## EXERCISE BRIEF
Using the data below, please return every line exactly as given.

START THE DATA

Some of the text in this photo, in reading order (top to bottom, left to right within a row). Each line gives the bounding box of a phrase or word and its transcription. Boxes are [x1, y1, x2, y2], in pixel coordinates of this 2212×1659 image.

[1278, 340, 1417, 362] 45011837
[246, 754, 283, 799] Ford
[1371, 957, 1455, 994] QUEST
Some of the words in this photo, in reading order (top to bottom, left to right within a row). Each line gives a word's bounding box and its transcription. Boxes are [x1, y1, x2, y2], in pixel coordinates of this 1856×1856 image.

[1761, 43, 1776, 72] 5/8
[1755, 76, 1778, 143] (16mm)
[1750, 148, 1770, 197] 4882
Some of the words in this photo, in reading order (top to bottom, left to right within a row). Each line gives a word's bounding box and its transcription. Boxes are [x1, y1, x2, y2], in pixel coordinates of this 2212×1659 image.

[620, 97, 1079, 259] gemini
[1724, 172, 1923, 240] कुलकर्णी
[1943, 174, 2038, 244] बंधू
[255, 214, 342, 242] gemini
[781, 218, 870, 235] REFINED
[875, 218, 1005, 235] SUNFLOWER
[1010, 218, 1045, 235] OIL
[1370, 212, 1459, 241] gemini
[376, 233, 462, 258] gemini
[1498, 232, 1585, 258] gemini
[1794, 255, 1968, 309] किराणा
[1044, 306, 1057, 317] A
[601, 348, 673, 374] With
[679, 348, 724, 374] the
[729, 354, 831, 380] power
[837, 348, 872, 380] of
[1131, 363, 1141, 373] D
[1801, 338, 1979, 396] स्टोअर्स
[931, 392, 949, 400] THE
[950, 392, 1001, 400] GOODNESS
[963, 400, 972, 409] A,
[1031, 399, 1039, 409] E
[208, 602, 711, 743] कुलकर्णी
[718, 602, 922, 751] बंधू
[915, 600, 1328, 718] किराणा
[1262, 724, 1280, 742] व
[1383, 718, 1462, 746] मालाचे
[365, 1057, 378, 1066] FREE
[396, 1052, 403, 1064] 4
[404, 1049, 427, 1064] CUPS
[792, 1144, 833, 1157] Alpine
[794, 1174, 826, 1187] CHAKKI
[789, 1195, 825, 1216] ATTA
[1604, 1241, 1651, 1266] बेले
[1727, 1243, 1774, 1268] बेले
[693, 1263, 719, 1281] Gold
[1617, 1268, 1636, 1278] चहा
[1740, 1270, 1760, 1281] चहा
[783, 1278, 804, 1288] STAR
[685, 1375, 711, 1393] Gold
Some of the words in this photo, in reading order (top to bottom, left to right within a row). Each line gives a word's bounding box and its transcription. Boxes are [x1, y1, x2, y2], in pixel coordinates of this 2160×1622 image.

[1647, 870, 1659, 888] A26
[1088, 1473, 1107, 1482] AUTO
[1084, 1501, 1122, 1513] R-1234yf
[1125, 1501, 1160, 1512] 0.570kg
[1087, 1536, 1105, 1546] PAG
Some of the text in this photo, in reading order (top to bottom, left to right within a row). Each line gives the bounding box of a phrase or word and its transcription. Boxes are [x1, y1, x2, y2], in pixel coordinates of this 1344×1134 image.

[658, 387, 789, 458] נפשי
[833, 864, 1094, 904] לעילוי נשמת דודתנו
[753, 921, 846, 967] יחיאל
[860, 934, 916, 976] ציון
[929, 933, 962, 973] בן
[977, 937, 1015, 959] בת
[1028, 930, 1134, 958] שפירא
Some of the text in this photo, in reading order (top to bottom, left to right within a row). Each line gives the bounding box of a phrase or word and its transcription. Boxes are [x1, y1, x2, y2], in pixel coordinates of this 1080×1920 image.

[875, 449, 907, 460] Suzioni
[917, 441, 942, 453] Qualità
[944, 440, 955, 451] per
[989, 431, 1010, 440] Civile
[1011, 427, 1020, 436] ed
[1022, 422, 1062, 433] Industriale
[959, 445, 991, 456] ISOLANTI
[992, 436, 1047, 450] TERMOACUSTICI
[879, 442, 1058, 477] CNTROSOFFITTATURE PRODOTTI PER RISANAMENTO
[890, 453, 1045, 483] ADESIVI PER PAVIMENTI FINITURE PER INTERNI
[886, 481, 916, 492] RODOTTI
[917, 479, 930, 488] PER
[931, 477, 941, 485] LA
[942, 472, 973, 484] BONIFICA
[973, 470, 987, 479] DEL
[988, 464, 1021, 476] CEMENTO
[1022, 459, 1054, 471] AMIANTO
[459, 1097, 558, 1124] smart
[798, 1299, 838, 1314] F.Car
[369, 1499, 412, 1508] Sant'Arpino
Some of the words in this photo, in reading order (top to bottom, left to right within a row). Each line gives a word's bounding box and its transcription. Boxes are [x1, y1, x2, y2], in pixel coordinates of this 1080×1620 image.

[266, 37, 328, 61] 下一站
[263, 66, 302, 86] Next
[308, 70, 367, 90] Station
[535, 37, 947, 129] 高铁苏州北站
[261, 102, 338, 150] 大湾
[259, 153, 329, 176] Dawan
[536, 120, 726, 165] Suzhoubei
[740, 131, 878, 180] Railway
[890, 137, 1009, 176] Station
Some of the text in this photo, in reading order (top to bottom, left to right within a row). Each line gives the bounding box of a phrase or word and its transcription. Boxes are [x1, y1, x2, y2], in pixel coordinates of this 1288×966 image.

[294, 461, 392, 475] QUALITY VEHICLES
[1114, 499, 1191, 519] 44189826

END THE DATA

## RESPONSE FOR THIS EXERCISE
Some of the text in this photo, in reading order (top to bottom, left to right within a row). Each line gives the bounding box of a phrase or word and its transcription. Boxes are [x1, y1, x2, y2], in pixel coordinates of this 2212×1659 image.

[1278, 340, 1417, 362] 45011837
[246, 754, 283, 799] Ford
[1371, 957, 1455, 994] QUEST
Some of the words in this photo, in reading order (top to bottom, left to right within a row). Each line gives a word's bounding box and its transcription. Boxes are [x1, y1, x2, y2], in pixel coordinates of this 1856×1856 image.

[1761, 43, 1776, 72] 5/8
[1755, 76, 1778, 143] (16mm)
[1750, 148, 1770, 197] 4882
Some of the words in this photo, in reading order (top to bottom, left to right within a row). Each line gives a word's bounding box and its transcription. Boxes are [x1, y1, x2, y2], in pixel coordinates of this 2212×1659 image.

[620, 97, 1079, 259] gemini
[1724, 172, 1923, 240] कुलकर्णी
[1943, 174, 2038, 244] बंधू
[255, 214, 342, 242] gemini
[781, 218, 870, 235] REFINED
[875, 218, 1005, 235] SUNFLOWER
[1010, 218, 1045, 235] OIL
[1370, 212, 1459, 241] gemini
[376, 233, 462, 258] gemini
[1498, 232, 1585, 258] gemini
[1794, 255, 1968, 309] किराणा
[1044, 306, 1057, 317] A
[601, 348, 673, 374] With
[679, 348, 724, 374] the
[729, 354, 831, 380] power
[837, 348, 872, 380] of
[1131, 363, 1141, 373] D
[1801, 338, 1979, 396] स्टोअर्स
[931, 392, 949, 400] THE
[950, 392, 1001, 400] GOODNESS
[963, 400, 972, 409] A,
[1031, 399, 1039, 409] E
[208, 602, 711, 743] कुलकर्णी
[718, 602, 922, 751] बंधू
[915, 600, 1328, 718] किराणा
[1262, 724, 1280, 742] व
[1383, 718, 1462, 746] मालाचे
[365, 1057, 378, 1066] FREE
[396, 1052, 403, 1064] 4
[404, 1049, 427, 1064] CUPS
[792, 1144, 833, 1157] Alpine
[794, 1174, 826, 1187] CHAKKI
[789, 1195, 825, 1216] ATTA
[1604, 1241, 1651, 1266] बेले
[1727, 1243, 1774, 1268] बेले
[693, 1263, 719, 1281] Gold
[1617, 1268, 1636, 1278] चहा
[1740, 1270, 1760, 1281] चहा
[783, 1278, 804, 1288] STAR
[685, 1375, 711, 1393] Gold
Some of the words in this photo, in reading order (top to bottom, left to right within a row). Each line gives a word's bounding box and its transcription. Boxes are [x1, y1, x2, y2], in pixel coordinates of this 2160×1622 image.

[1647, 870, 1659, 888] A26
[1088, 1473, 1107, 1482] AUTO
[1084, 1501, 1122, 1513] R-1234yf
[1125, 1501, 1160, 1512] 0.570kg
[1087, 1536, 1105, 1546] PAG
Some of the text in this photo, in reading order (top to bottom, left to right within a row). Each line gives the bounding box of a phrase or word and its transcription. Boxes are [x1, y1, x2, y2], in pixel coordinates of this 1344×1134 image.

[658, 387, 789, 458] נפשי
[833, 864, 1094, 904] לעילוי נשמת דודתנו
[753, 921, 846, 967] יחיאל
[860, 934, 916, 976] ציון
[929, 933, 962, 973] בן
[977, 937, 1015, 959] בת
[1028, 930, 1134, 958] שפירא
Some of the text in this photo, in reading order (top to bottom, left to right within a row). Each line gives the bounding box of a phrase or word and its transcription. Boxes are [x1, y1, x2, y2], in pixel coordinates of this 1080×1920 image.

[875, 449, 907, 460] Suzioni
[917, 441, 942, 453] Qualità
[944, 440, 955, 451] per
[989, 431, 1010, 440] Civile
[1011, 427, 1020, 436] ed
[1022, 422, 1062, 433] Industriale
[959, 445, 991, 456] ISOLANTI
[992, 436, 1047, 450] TERMOACUSTICI
[879, 442, 1058, 477] CNTROSOFFITTATURE PRODOTTI PER RISANAMENTO
[890, 453, 1045, 483] ADESIVI PER PAVIMENTI FINITURE PER INTERNI
[886, 481, 916, 492] RODOTTI
[917, 479, 930, 488] PER
[931, 477, 941, 485] LA
[942, 472, 973, 484] BONIFICA
[973, 470, 987, 479] DEL
[988, 464, 1021, 476] CEMENTO
[1022, 459, 1054, 471] AMIANTO
[459, 1097, 558, 1124] smart
[798, 1299, 838, 1314] F.Car
[369, 1499, 412, 1508] Sant'Arpino
Some of the words in this photo, in reading order (top to bottom, left to right within a row). Each line gives a word's bounding box and its transcription. Boxes are [x1, y1, x2, y2], in pixel coordinates of this 1080×1620 image.

[266, 37, 328, 61] 下一站
[263, 66, 302, 86] Next
[308, 70, 367, 90] Station
[535, 37, 947, 129] 高铁苏州北站
[261, 102, 338, 150] 大湾
[259, 153, 329, 176] Dawan
[536, 120, 726, 165] Suzhoubei
[740, 131, 878, 180] Railway
[890, 137, 1009, 176] Station
Some of the text in this photo, in reading order (top to bottom, left to right within a row). Each line gives the bounding box of a phrase or word and its transcription. Boxes are [x1, y1, x2, y2], in pixel coordinates of this 1288×966 image.

[294, 461, 392, 475] QUALITY VEHICLES
[1114, 499, 1191, 519] 44189826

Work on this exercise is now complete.